[Opening DATA SUPPLIED section]

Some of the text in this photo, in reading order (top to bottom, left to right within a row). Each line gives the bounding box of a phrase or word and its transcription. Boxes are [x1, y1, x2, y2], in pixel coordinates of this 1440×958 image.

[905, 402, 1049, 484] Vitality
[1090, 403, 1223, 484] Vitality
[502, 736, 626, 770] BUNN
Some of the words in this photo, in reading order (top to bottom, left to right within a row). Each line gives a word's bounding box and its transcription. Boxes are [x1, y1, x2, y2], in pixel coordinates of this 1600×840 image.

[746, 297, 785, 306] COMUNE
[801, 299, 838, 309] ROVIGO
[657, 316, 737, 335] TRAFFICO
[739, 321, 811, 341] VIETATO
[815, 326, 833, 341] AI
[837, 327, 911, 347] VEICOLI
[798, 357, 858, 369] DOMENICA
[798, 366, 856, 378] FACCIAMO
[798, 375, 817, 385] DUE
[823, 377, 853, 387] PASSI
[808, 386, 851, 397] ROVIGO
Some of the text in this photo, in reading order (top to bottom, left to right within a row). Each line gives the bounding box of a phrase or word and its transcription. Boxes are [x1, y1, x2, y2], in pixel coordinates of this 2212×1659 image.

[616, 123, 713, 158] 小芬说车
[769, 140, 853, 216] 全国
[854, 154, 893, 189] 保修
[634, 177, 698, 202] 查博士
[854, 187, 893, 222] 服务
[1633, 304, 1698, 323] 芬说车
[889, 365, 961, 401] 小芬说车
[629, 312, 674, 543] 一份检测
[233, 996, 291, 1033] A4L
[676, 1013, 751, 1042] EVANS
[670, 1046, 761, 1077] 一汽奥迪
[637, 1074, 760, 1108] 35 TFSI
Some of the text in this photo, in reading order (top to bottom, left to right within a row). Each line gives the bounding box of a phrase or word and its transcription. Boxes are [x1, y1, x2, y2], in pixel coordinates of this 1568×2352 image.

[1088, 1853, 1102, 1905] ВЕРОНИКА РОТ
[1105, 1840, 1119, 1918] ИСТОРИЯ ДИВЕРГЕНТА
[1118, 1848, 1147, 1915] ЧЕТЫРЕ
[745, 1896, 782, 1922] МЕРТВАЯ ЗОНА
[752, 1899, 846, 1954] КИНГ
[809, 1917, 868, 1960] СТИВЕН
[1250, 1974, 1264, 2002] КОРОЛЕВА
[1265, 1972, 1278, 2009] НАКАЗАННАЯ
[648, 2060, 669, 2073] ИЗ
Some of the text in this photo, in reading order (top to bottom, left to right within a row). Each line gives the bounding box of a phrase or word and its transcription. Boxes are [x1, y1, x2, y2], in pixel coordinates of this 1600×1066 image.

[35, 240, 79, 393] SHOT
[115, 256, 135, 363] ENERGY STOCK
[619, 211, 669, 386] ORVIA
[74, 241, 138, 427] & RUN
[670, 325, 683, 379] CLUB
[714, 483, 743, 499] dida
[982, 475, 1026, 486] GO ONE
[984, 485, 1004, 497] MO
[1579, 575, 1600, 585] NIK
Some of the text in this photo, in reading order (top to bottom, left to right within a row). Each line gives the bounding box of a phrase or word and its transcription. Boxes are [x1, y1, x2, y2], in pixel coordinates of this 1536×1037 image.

[Closing DATA SUPPLIED section]

* _WHAT TO PRODUCE_: All records above must be set down exactly, please.

* _EXERCISE SOLUTION_:
Some of the text in this photo, in reading order (top to bottom, left to right within a row). Each line gives the bounding box of a phrase or word and its transcription. Boxes are [x1, y1, x2, y2], in pixel coordinates of this 1440×958 image.

[905, 402, 1049, 484] Vitality
[1090, 403, 1223, 484] Vitality
[502, 736, 626, 770] BUNN
Some of the words in this photo, in reading order (top to bottom, left to right within a row). Each line gives a word's bounding box and its transcription. Boxes are [x1, y1, x2, y2], in pixel coordinates of this 1600×840 image.

[746, 297, 785, 306] COMUNE
[801, 299, 838, 309] ROVIGO
[657, 316, 737, 335] TRAFFICO
[739, 321, 811, 341] VIETATO
[815, 326, 833, 341] AI
[837, 327, 911, 347] VEICOLI
[798, 357, 858, 369] DOMENICA
[798, 366, 856, 378] FACCIAMO
[798, 375, 817, 385] DUE
[823, 377, 853, 387] PASSI
[808, 386, 851, 397] ROVIGO
Some of the text in this photo, in reading order (top to bottom, left to right within a row). Each line gives the bounding box of a phrase or word and its transcription. Boxes are [x1, y1, x2, y2], in pixel coordinates of this 2212×1659 image.

[616, 123, 713, 158] 小芬说车
[769, 140, 853, 216] 全国
[854, 154, 893, 189] 保修
[634, 177, 698, 202] 查博士
[854, 187, 893, 222] 服务
[1633, 304, 1698, 323] 芬说车
[889, 365, 961, 401] 小芬说车
[629, 312, 674, 543] 一份检测
[233, 996, 291, 1033] A4L
[676, 1013, 751, 1042] EVANS
[670, 1046, 761, 1077] 一汽奥迪
[637, 1074, 760, 1108] 35 TFSI
Some of the text in this photo, in reading order (top to bottom, left to right within a row). Each line gives the bounding box of a phrase or word and its transcription. Boxes are [x1, y1, x2, y2], in pixel coordinates of this 1568×2352 image.

[1088, 1853, 1102, 1905] ВЕРОНИКА РОТ
[1105, 1840, 1119, 1918] ИСТОРИЯ ДИВЕРГЕНТА
[1118, 1848, 1147, 1915] ЧЕТЫРЕ
[745, 1896, 782, 1922] МЕРТВАЯ ЗОНА
[752, 1899, 846, 1954] КИНГ
[809, 1917, 868, 1960] СТИВЕН
[1250, 1974, 1264, 2002] КОРОЛЕВА
[1265, 1972, 1278, 2009] НАКАЗАННАЯ
[648, 2060, 669, 2073] ИЗ
Some of the text in this photo, in reading order (top to bottom, left to right within a row). Each line gives the bounding box of a phrase or word and its transcription. Boxes are [x1, y1, x2, y2], in pixel coordinates of this 1600×1066 image.

[35, 240, 79, 393] SHOT
[115, 256, 135, 363] ENERGY STOCK
[619, 211, 669, 386] ORVIA
[74, 241, 138, 427] & RUN
[670, 325, 683, 379] CLUB
[714, 483, 743, 499] dida
[982, 475, 1026, 486] GO ONE
[984, 485, 1004, 497] MO
[1579, 575, 1600, 585] NIK
Some of the text in this photo, in reading order (top to bottom, left to right within a row). Each line gives the bounding box of a phrase or word and its transcription. Boxes are [x1, y1, x2, y2], in pixel coordinates of this 1536×1037 image.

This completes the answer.